Travailleurs et allocataires sociaux sommés de payer la crise du capitalisme

Chiffres concrets
27 décembre, 2011
Il aura fallu 541 jours pour former un gouvernement, mais 15 jours auront suffi pour traduire en textes de lois le catalogue des mesures socialement régressives élaboré par les 6 partis de la coalition. Nous sommes ainsi confrontés à une nouvelle forme de démocratie, une « démocratie de la canonnière parlementaire », où le personnel politique au service des « possédants » passe en force, piétine sans états d’âme le monde du travail, et ignore superbement un « modèle social » jadis vanté par les différents gouvernants !

L’addition est particulièrement épicée


* Les salariés vont devoir obligatoirement travailler plus longtemps. La possibilité de prendre anticipativement une retraite bien méritée sera retardée de 2 ans (de 60 à 62 ans) d’ici 2016 !

* Le calcul des pensions du secteur public est modifié. Dorénavant, on tiendra compte de la moyenne des 10 dernières années d’activité professionnelle en lieu et place des 5 dernières années ! Ce qui entraînera une réduction de la pension de nombreux fonctionnaires !

* La prise en compte dans le calcul de la pension des « périodes assimilées », comme l’interruption de carrière, sera restreinte !

* Les condition d’accès à la pré-pension sont durcies, ce qui aura pour conséquence que plus de travailleurs âgés se retrouveront au chômage, avec une perte financière à la clé ! Et plus il y a des chômeurs, plus la pression à la baisse sur les salaires est forte !

* Ce qui est donc mis en œuvre est un véritable « pacte des générations bis », où l’on prétend vouloir maintenir plus longtemps en activité les « seniors » alors que 150.000 jeunes sont privés d’emplois, dans un contexte de chômage de masse persistant !

Et ce n'est pas fini

Finalement, la fragilisation du système des pensions et le discours sur l’impossibilité de continuer à le financer a pour effet collatéral de favoriser les assurances privées et les institutions financières qui les proposent !

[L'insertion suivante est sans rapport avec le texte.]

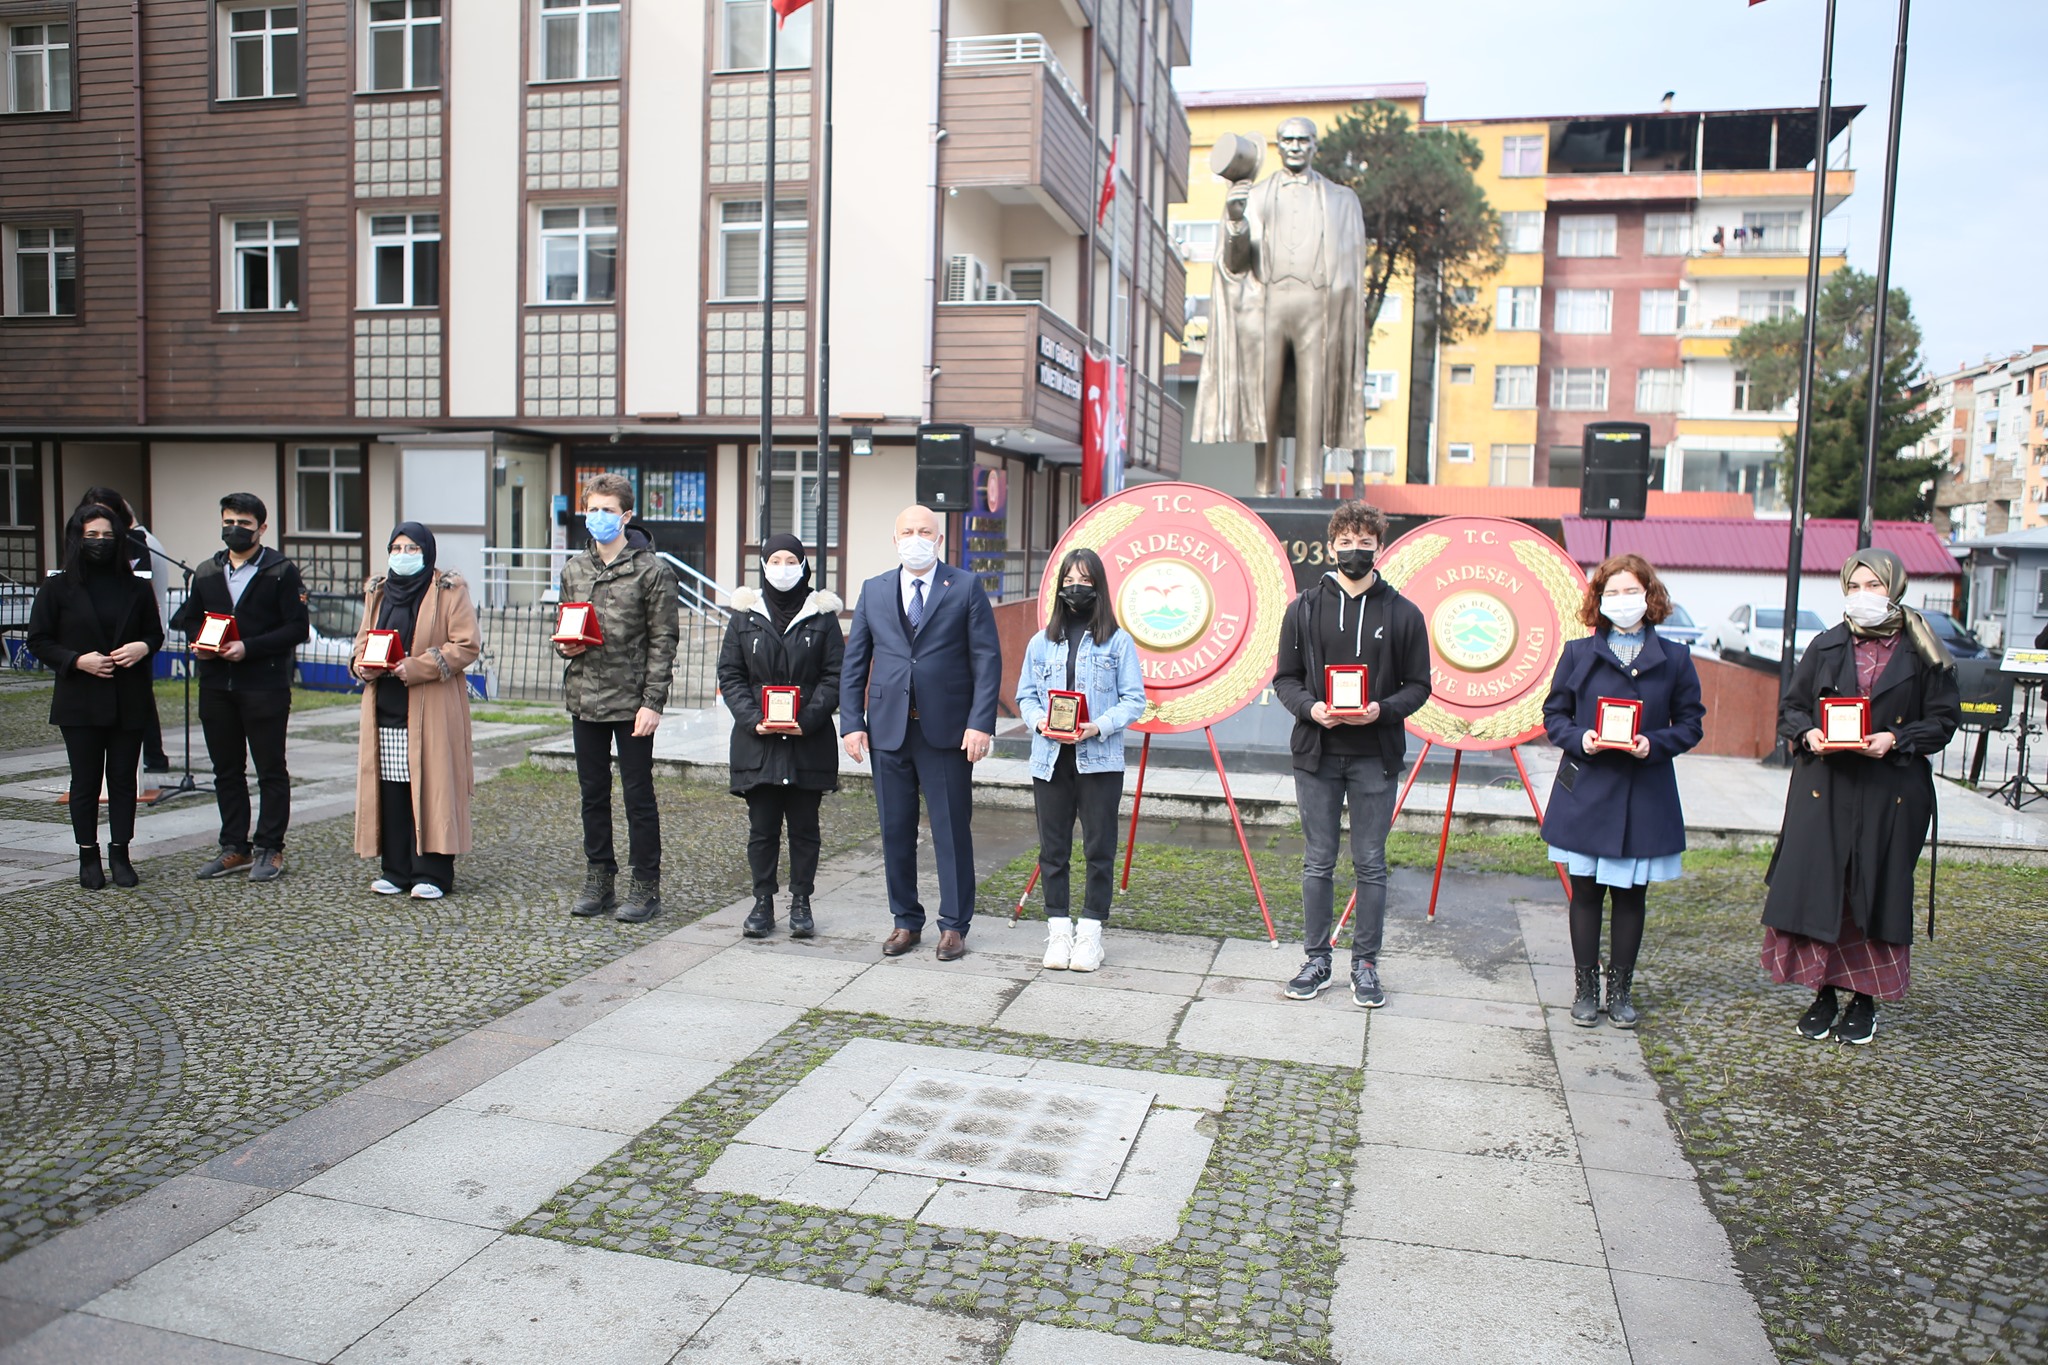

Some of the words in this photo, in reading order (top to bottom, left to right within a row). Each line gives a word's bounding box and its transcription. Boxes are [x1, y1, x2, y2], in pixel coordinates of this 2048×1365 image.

Il faut ajouter que les travailleurs des services publics sont aussi des citoyens qui vont subir de plein fouet d’autres dispositions rigoristes planifiées par le gouvernement : hausses de TVA et/ou d’accises sur certains produits (tabac, spiritueux, télévision numérique…) ou certaines prestations (notaires, huissiers), suppression des déductibilités fiscales environnementales, augmentation du prix des titres services, sans oublier les effets pervers liés aux économies draconiennes imposées à la Sécurité Sociale et… au secteur public !

Source d’inquiétude supplémentaire : il est manifeste que ce train de mesures d’austérité ne sera pas le dernier, et que d’autres mauvais coups vont pleuvoir dans les prochains mois, au gré des contrôles et ajustements budgétaires, ou de l’approfondissement de la « crise de la dette ».

Sans un vigoureux coup d’arrêt au rouleau compresseur « austéritaire » lancé par Elio 1er, il est à craindre que d’autres menaces pesant sur l’ensemble de nos conquêtes sociales se concrétisent très vite : suppression de notre système d’indexation, privatisation des derniers joyaux financièrement rentables du secteur public, démantèlement de la sécurité sociale, augmentation de l’âge légal de la retraite (67 ans ?), et remise en cause des libertés syndicales, à commencer par le droit de grève !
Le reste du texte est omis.